Given the maximum time period established to use both products, in weeks (8 for Glizigen and 6 for podophyllin), more patients whose lesions did actually heal within this period did so in the last two weeks. In the studies analysed, we did not find any specific results that were similar to those shown in our graphs, although the time limit set for the lesions to heal in the population mean for each treatment was the same.

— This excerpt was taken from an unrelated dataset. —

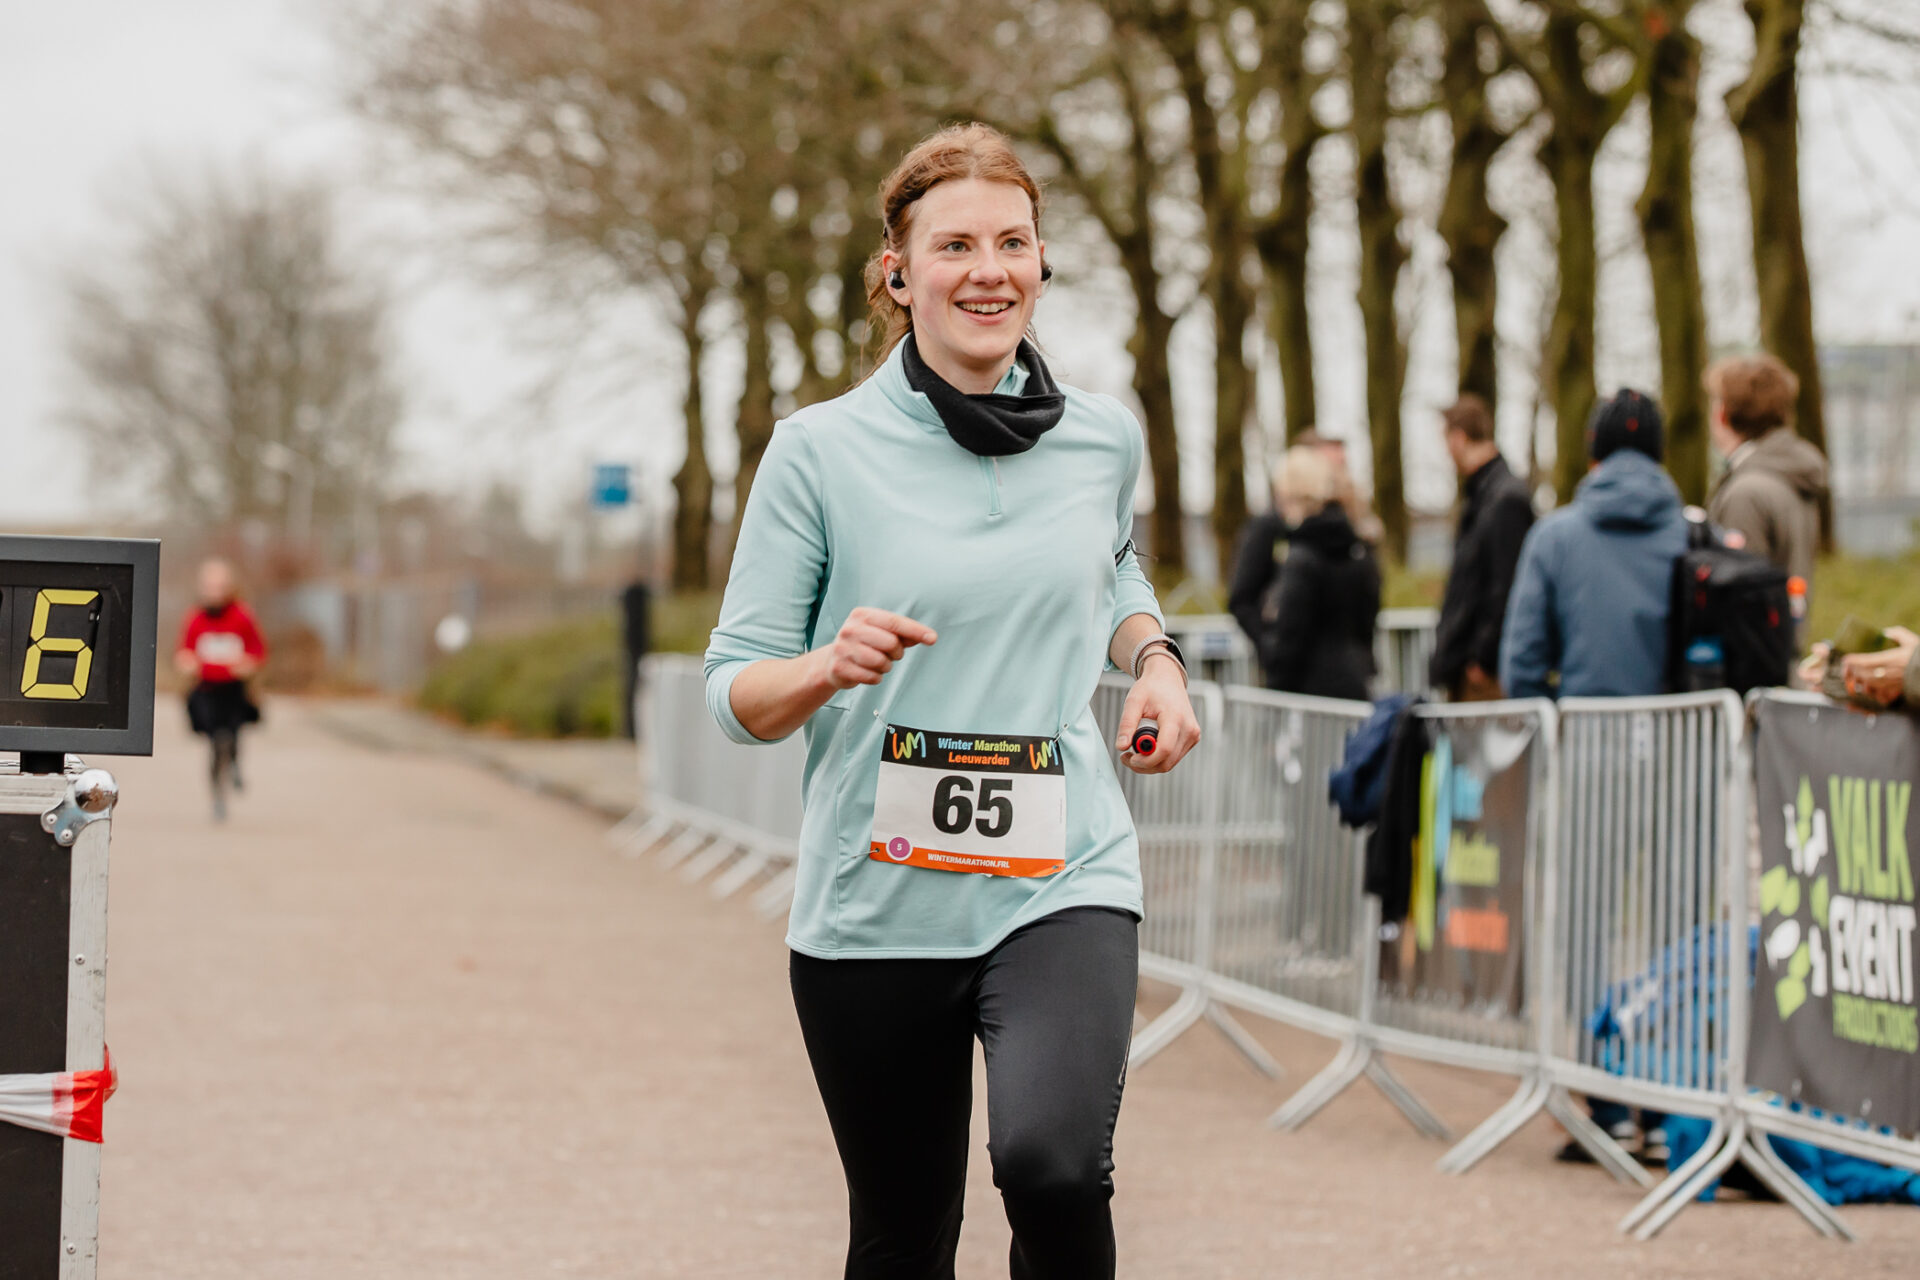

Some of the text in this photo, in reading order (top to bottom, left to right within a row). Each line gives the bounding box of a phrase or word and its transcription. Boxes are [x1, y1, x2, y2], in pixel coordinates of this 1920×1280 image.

Even though the affected area of skin was measured in cm2 in our clinical trial, which is different from the measuring unit of this variable used in other published studies, they do coincide in some respects. The majority of patients from most of the series analysed were reported to have less than 10 lesions (mainly small ones), which is understood as being a similarity. This still has to be proved by further research, [1, 7, 10, 19, 25, 26] but it could be due to the fact that there are plenty of qualified personnel available, the medical culture of the patients themselves, and because the lesions are very noticeable, especially for members of the sexually active population, so they go to the doctor before the affected area gets worse. In turn, an analysis was carried out to see whether the size of the affected area was associated with the response to the treatment. The results of such showed that these variables were independent too, as shown in the corresponding table.
The results obtained when using Glizigen coincide with those obtained by other authors using this medicine [19, 31, 32].
Out of all the findings, the penis was the most affected genital organ in men. Almost half the patients had suffered from the lesions for 1 to 4 months, which coincides with the findings of the international reports [10, 19, 25, 26, 33]. We can conclude the following.
Using Glizigen together with Viusid was effective in treating the external anogenital warts.
The variables concerning age, gender, anatomical location, and the area affected by the lesions coincide with what has been reported by other researchers.
There was a good clinical response to both treatments.
The combined Glizigen-Viusid treatment was better than the treatment with podophyllin.
The effectiveness and innocuousness of Glizigen combined with Viusid in the treatment of this disease are confirmed.